I don't have any studies at hand to back this up, and I'm too lazy to look for them just now, but I believe that when you start messing around with the Ph of the dog's urine, you run the risk of problems with their urinary tract system (more prone to infection, etc.). If you wanted to try this, you might want to do some research first.

Cheers, Sue

Reply to
SugarChile

I heard that the only thing tomato juice does is makes your dog more thirsty (from all the salt),so they drink more water, and drinking all that extra water makes the dogs urine more diluted, in turn causing less harm to the grass.

To the OP, Search the archives (or post your question on) rec.pets.dogs.misc The subject has been hashed over on that group many times.

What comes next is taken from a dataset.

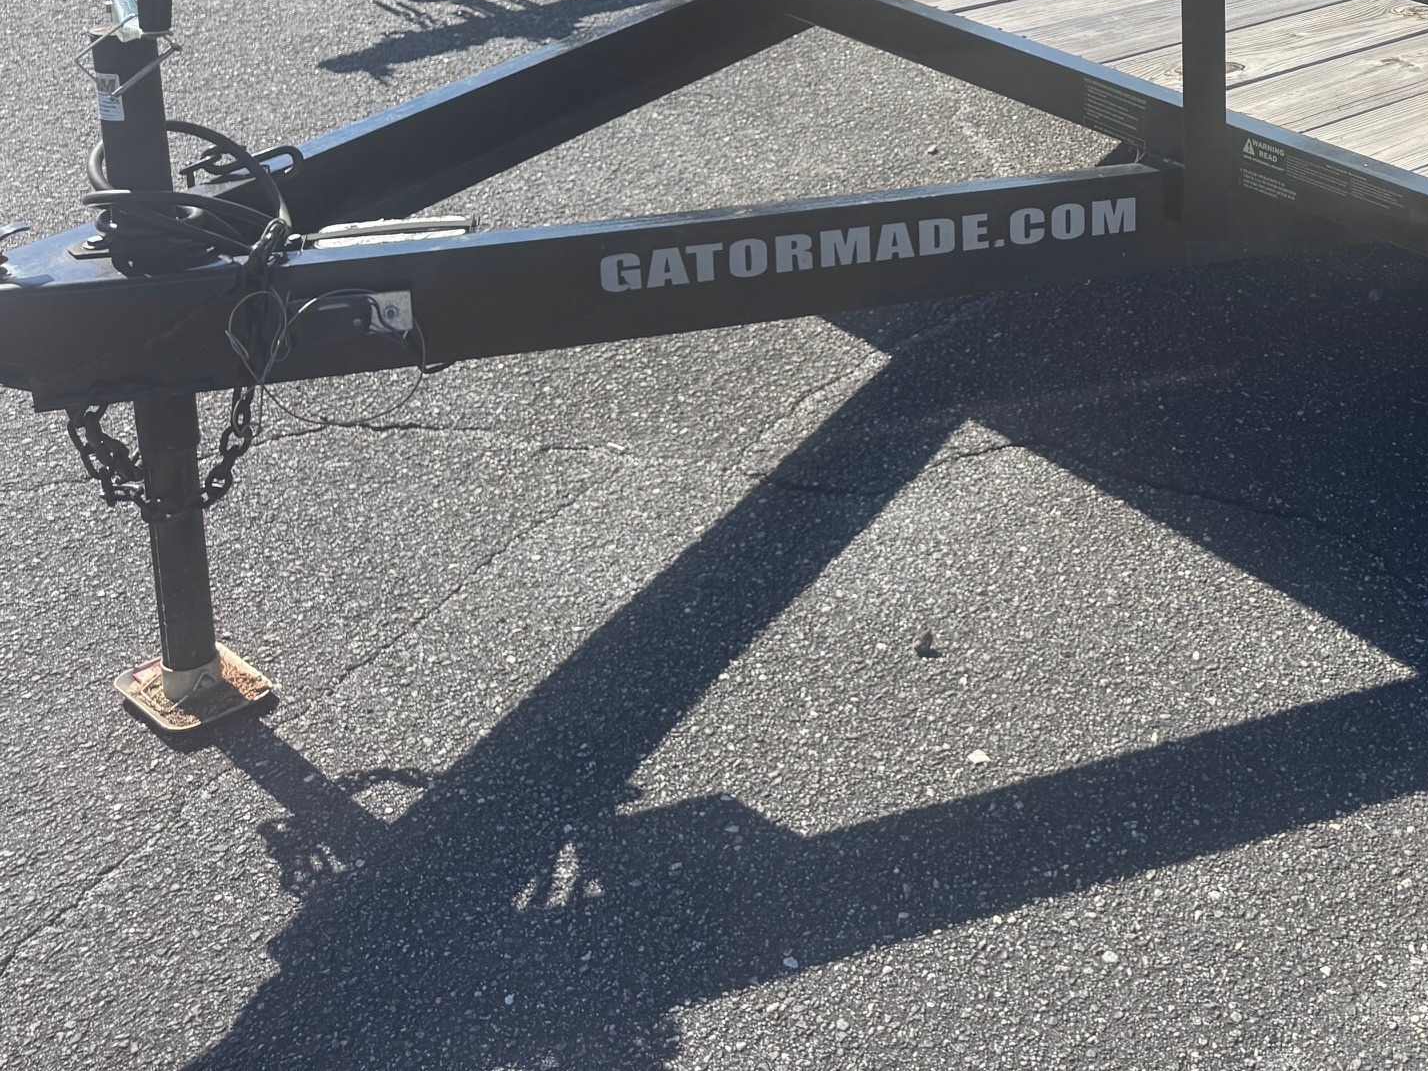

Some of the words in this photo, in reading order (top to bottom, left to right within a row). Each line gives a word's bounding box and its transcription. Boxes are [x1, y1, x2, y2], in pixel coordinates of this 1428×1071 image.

David, owner of 2 female & 1 male dogs, who cause minimum damage to my lawn thanks to good healthy soil, annual dressings of compost, aeration, etc.

Reply to
David Modine

I've owned three female dogs (one at a time) over the last 40 years, and have now owned a male for about six months.

Not one of these dogs ever caused spots on my lawn. They were all neutered. Is it possible that might have been the reason?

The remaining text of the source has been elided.